Prior to the 2010 Census, Union Township had been split between the 7th and 10th Congressional Districts with different boundaries, a change made by the New Jersey Redistricting Commission that took effect in January 2013, based on the results of the November 2012 general elections. The redistricting plan that took effect in 2013 placed 31,611 residents living in the central and western portions of the township into the 7th District, while 25,031 residents in a semicircle that runs along the northern, eastern and southern borders of the township were placed into the 10th District.

 

Union County is governed by a Board of County Commissioners, whose nine members are elected at-large to three-year terms of office on a staggered basis with three seats coming up for election each year, with an appointed County Manager overseeing the day-to-day operations of the county. At an annual reorganization meeting held in the beginning of January, the board selects a Chair and Vice Chair from among its members. , Union County's County Commissioners are 
Chair Rebecca Williams (D, Plainfield, term as commissioner and as chair ends December 31, 2022), 
Vice Chair Christopher Hudak (D, Linden, term as commissioner ends 2023; term as vice chair ends 2022),
James E. Baker Jr. (D, Rahway, 2024),
Angela R. Garretson (D, Hillside, 2023),
Sergio Granados (D, Elizabeth, 2022),
Bette Jane Kowalski (D, Cranford, 2022), 
Lourdes M. Leon (D, Elizabeth, 2023),
Alexander Mirabella (D, Fanwood, 2024) and 
Kimberly Palmieri-Mouded (D, Westfield, 2024).
Constitutional officers elected on a countywide basis are
County Clerk Joanne Rajoppi (D, Union Township, 2025),
Sheriff Peter Corvelli (D, Kenilworth, 2023) and
Surrogate Susan Dinardo (acting).
The County Manager is Edward Oatman.

Politics
As of March 2011, there were a total of 31,155 registered voters in Union Township, of which 12,061 (38.7% vs. 41.8% countywide) were registered as Democrats, 3,928 (12.6% vs. 15.3%) were registered as Republicans and 15,157 (48.7% vs. 42.9%) were registered as Unaffiliated. There were 9 voters registered to other parties. Among the township's 2010 Census population, 55.0% (vs. 53.3% in Union County) were registered to vote, including 69.7% of those ages 18 and over (vs. 70.6% countywide).

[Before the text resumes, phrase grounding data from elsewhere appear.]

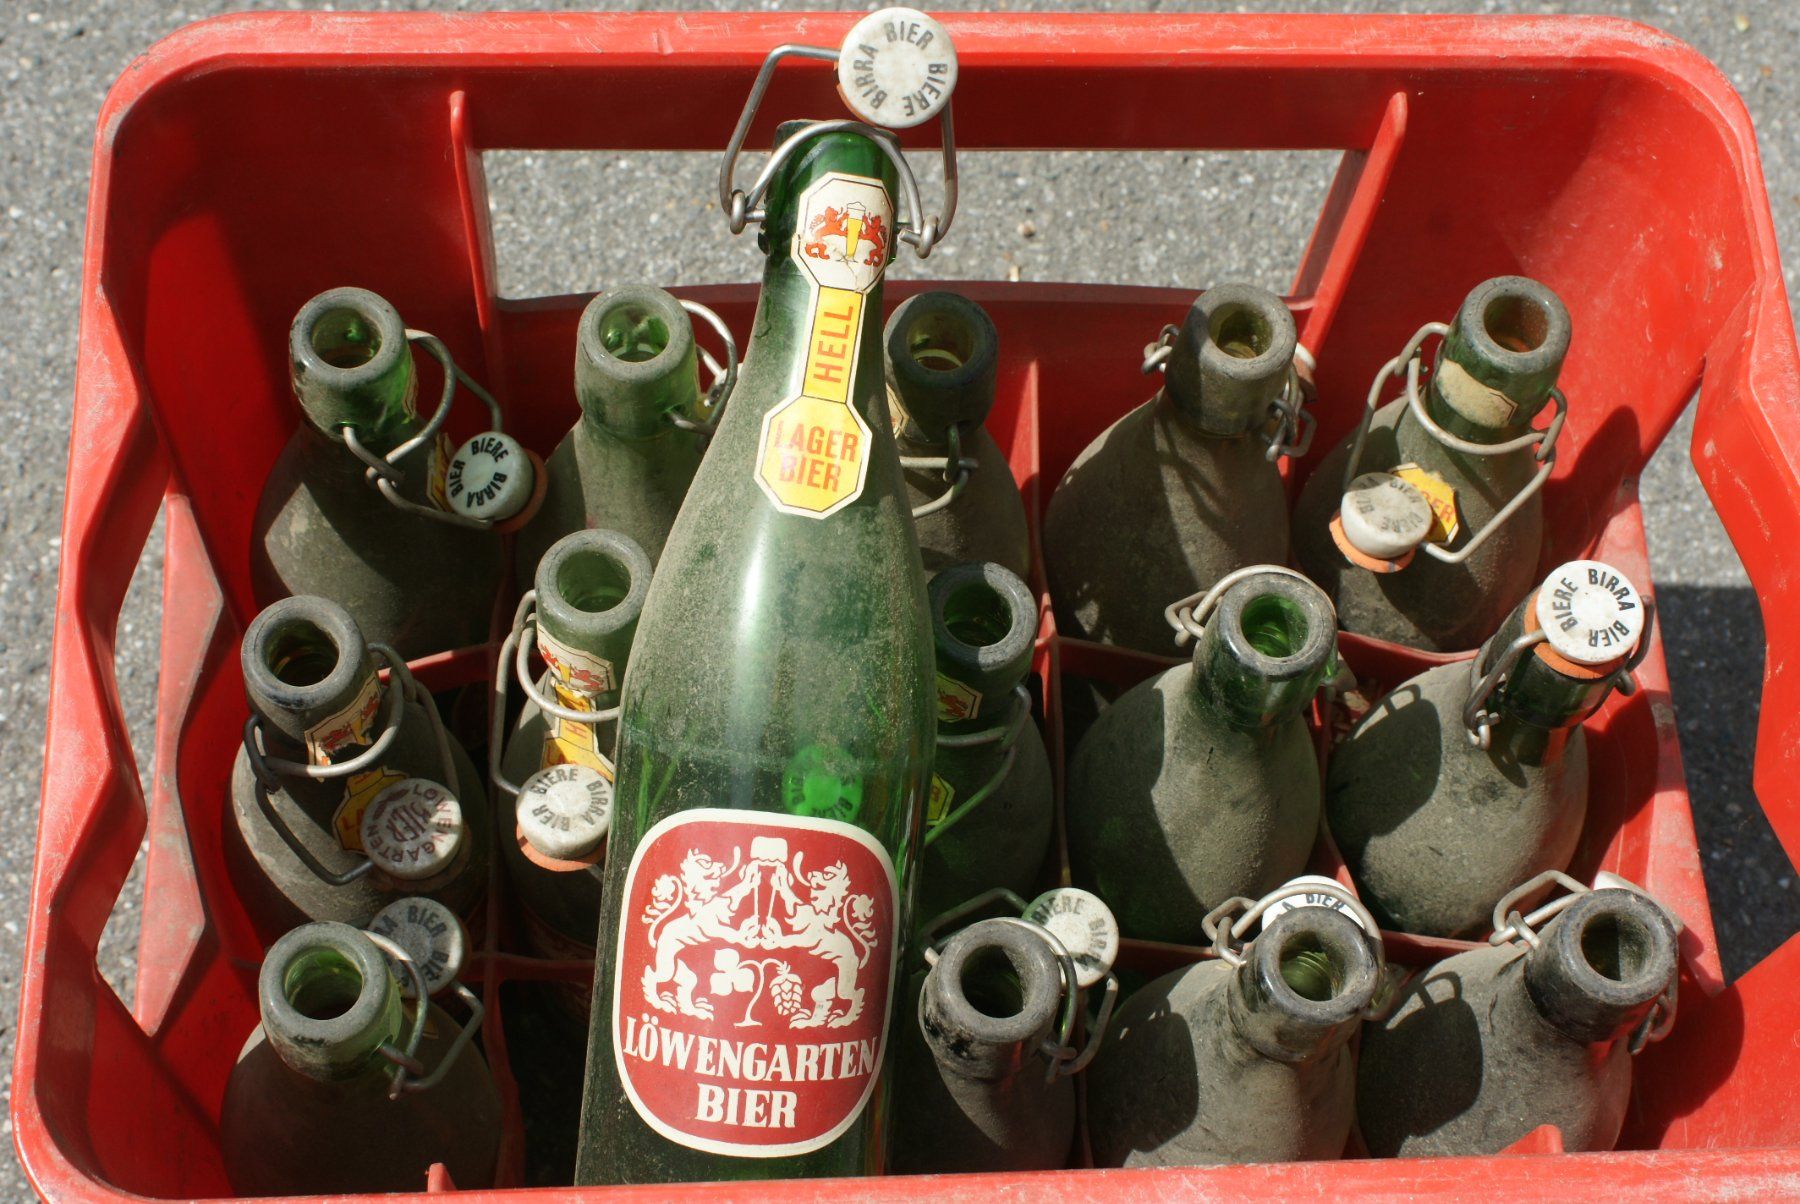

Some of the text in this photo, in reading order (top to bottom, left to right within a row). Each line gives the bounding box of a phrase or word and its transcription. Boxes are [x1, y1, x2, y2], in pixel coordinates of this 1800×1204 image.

[884, 20, 934, 50] BIER
[852, 43, 888, 110] BIRRA
[904, 63, 948, 118] BIERE
[813, 305, 854, 384] HELL
[471, 437, 509, 463] BIERE
[774, 420, 859, 462] LAGER
[449, 459, 466, 498] BIER
[466, 472, 508, 508] BIRRA
[779, 455, 842, 492] BIER
[1552, 577, 1579, 632] BIERE
[1587, 568, 1636, 611] BIRRA
[1588, 620, 1630, 648] BIER
[528, 768, 578, 795] BIERE
[532, 805, 571, 832] BIER
[581, 780, 609, 826] BIRRA
[408, 905, 447, 938] BIER
[623, 1013, 878, 1082] LÖWENGARTEN
[694, 1083, 798, 1129] BIER
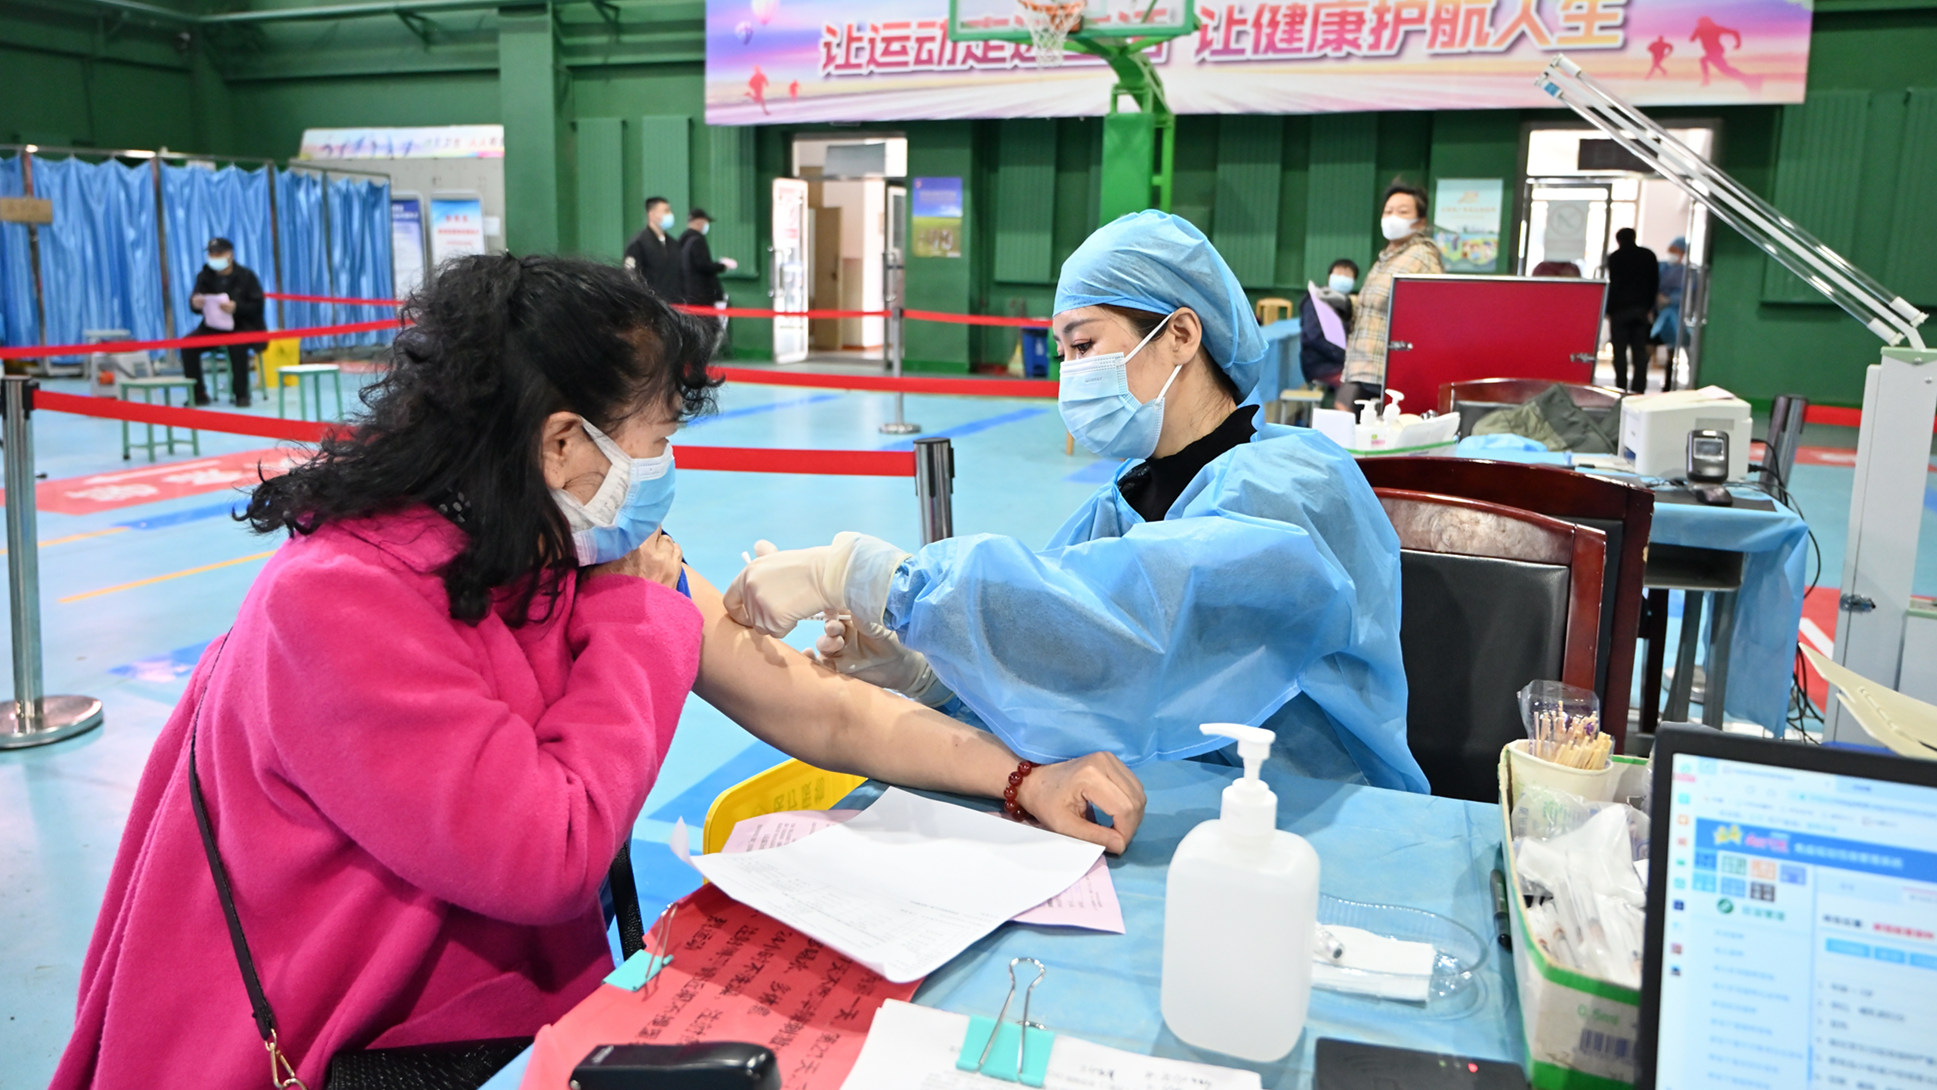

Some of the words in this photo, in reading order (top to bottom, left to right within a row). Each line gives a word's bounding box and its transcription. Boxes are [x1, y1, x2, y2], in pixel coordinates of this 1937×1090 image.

[822, 9, 1166, 75] 让运动走
[1195, 0, 1627, 60] 让健康护航人生
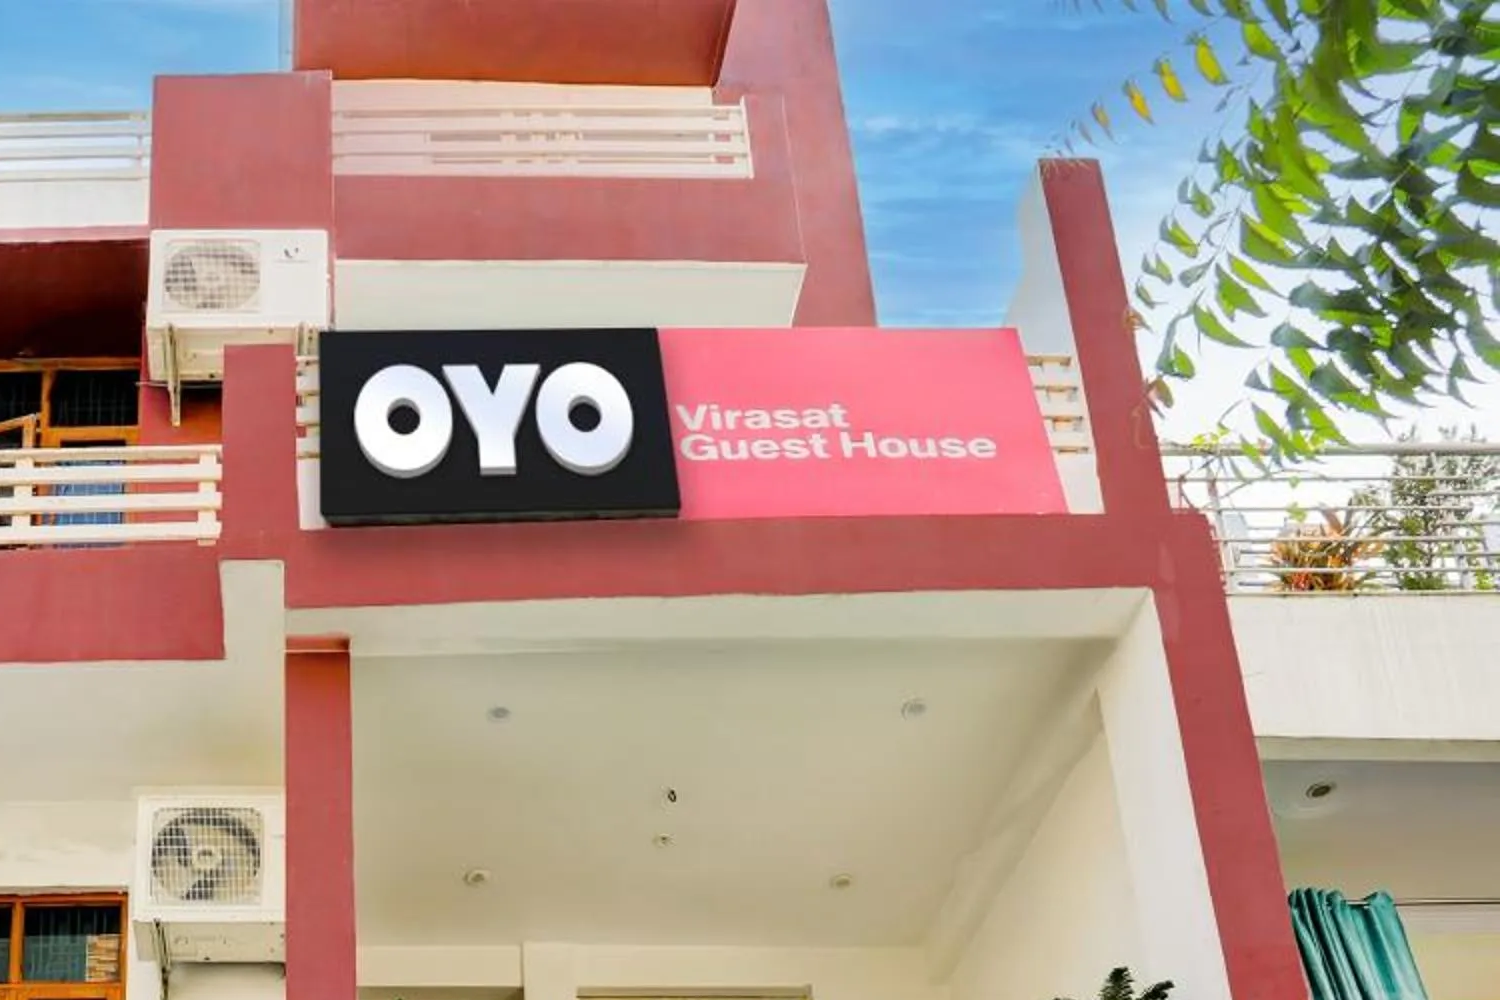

In the 2012 presidential election, Democrat Barack Obama received 16,423 votes (70.7% vs. 66.0% countywide), ahead of Republican Mitt Romney with 6,464 votes (27.8% vs. 32.3%) and other candidates with 155 votes (0.7% vs. 0.8%), among the 23,235 ballots cast by the township's 33,589 registered voters, for a turnout of 69.2% (vs. 68.8% in Union County). In the 2008 presidential election, Democrat Barack Obama received 15,625 votes (63.8% vs. 63.1% countywide), ahead of Republican John McCain with 8,462 votes (34.5% vs. 35.2%) and other candidates with 189 votes (0.8% vs. 0.9%), among the 24,505 ballots cast by the township's 32,622 registered voters, for a turnout of 75.1% (vs. 74.7% in Union County). In the 2004 presidential election, Democrat John Kerry received 12,751 votes (57.9% vs. 58.3% countywide), ahead of Republican George W. Bush with 8,987 votes (40.8% vs. 40.3%) and other candidates with 174 votes (0.8% vs. 0.7%), among the 22,013 ballots cast by the township's 30,383 registered voters, for a turnout of 72.5% (vs. 72.3% in the whole county).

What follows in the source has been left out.